石破首相は、トランプ前大統領による突然の対日関税通達に対し、選挙中の街頭演説でこう語り、話題になりました。
「なめられてたまるか」
一方、それ以前にアメリカでトランプ氏と直接交渉をした赤沢大臣は、記者団に対してこう語っていました。
「トランプ大統領に直接対話して頂き大変光栄だった。私は格下の格下なのに」
その表情には、高揚感、感激の表情が見えました。確かに、世界中を翻弄する歴史的な人物のトランプ氏との面会だけにその気持ちは良く分かります。
しかし、私は率直に「海外でやりがちな日本人の良くない典型だな。」と感じました。
日本人の謙虚さは素晴らしい美徳です。
一方で海外の方々に謙虚さは、しばしば「弱さ」「付け入る隙」として受け取られます。過剰にペコペコおじきする、愛想笑い等も誤解されがちで気をつけるべきです。
「リスペクトをもって控えめに話す」日本人の美徳が、国際交渉の場では弱さ、としてマウントを取れられるきっかけとなります。

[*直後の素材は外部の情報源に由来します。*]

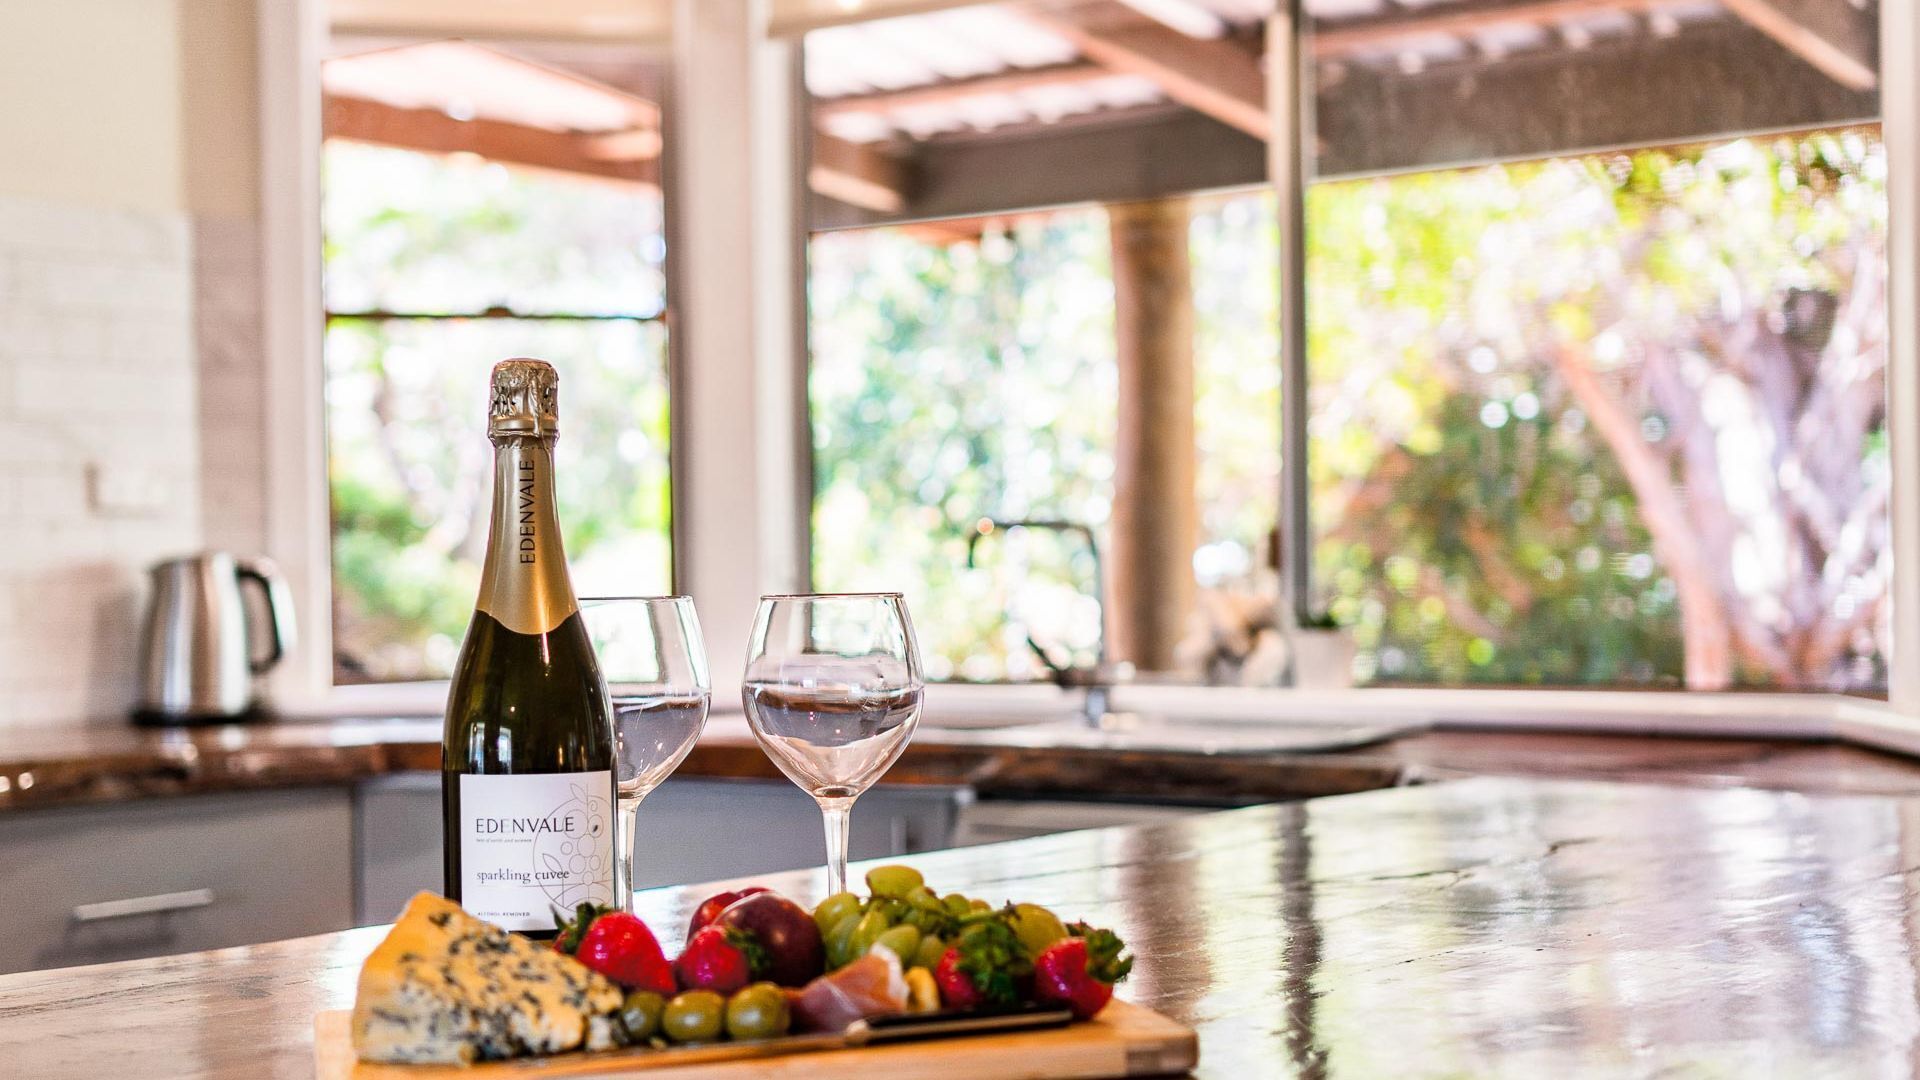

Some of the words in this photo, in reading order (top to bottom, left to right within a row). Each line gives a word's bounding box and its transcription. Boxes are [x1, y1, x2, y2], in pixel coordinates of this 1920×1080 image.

[520, 460, 536, 564] EDENVALE
[476, 816, 575, 834] EDENVALE
[476, 868, 532, 885] sparkling

だからこそ、グローバルな交渉の最前線に立つ人間には、その前提を深く理解し、礼節を保ちつつも舐められず、対等なスタンスで議論を進める覚悟とリテラシーが必須です。
その意味で、私達の愛する、誇るべき日本の代表者が「格下の格下」などと嬉しそうに公言することに、私は遺憾、それはイカンと思います。
例え、新入社員であろうと報酬をもらっているなら、間違い無くプロである。
仮に会社から交渉を一任してもらえたなら、相手が人生の大先輩であっても、どんな大きな会社の社長であっても託されたことに自信を持って発言をして良い。もしも失敗したなら任せた自身の責任だと認識し、フォローに動くのがリーダーの在り方です。
日本には「内弁慶」という言葉があります。
内向きには勇ましい言葉を叫んでも、外に対しては物言えぬ――。
相手不在の国内で威勢を示すことよりも、大事な選挙活動を放棄してでも、国益のために首相自ら今すぐ渡米して交渉に動くことの方が絶大な支持につながるはずです。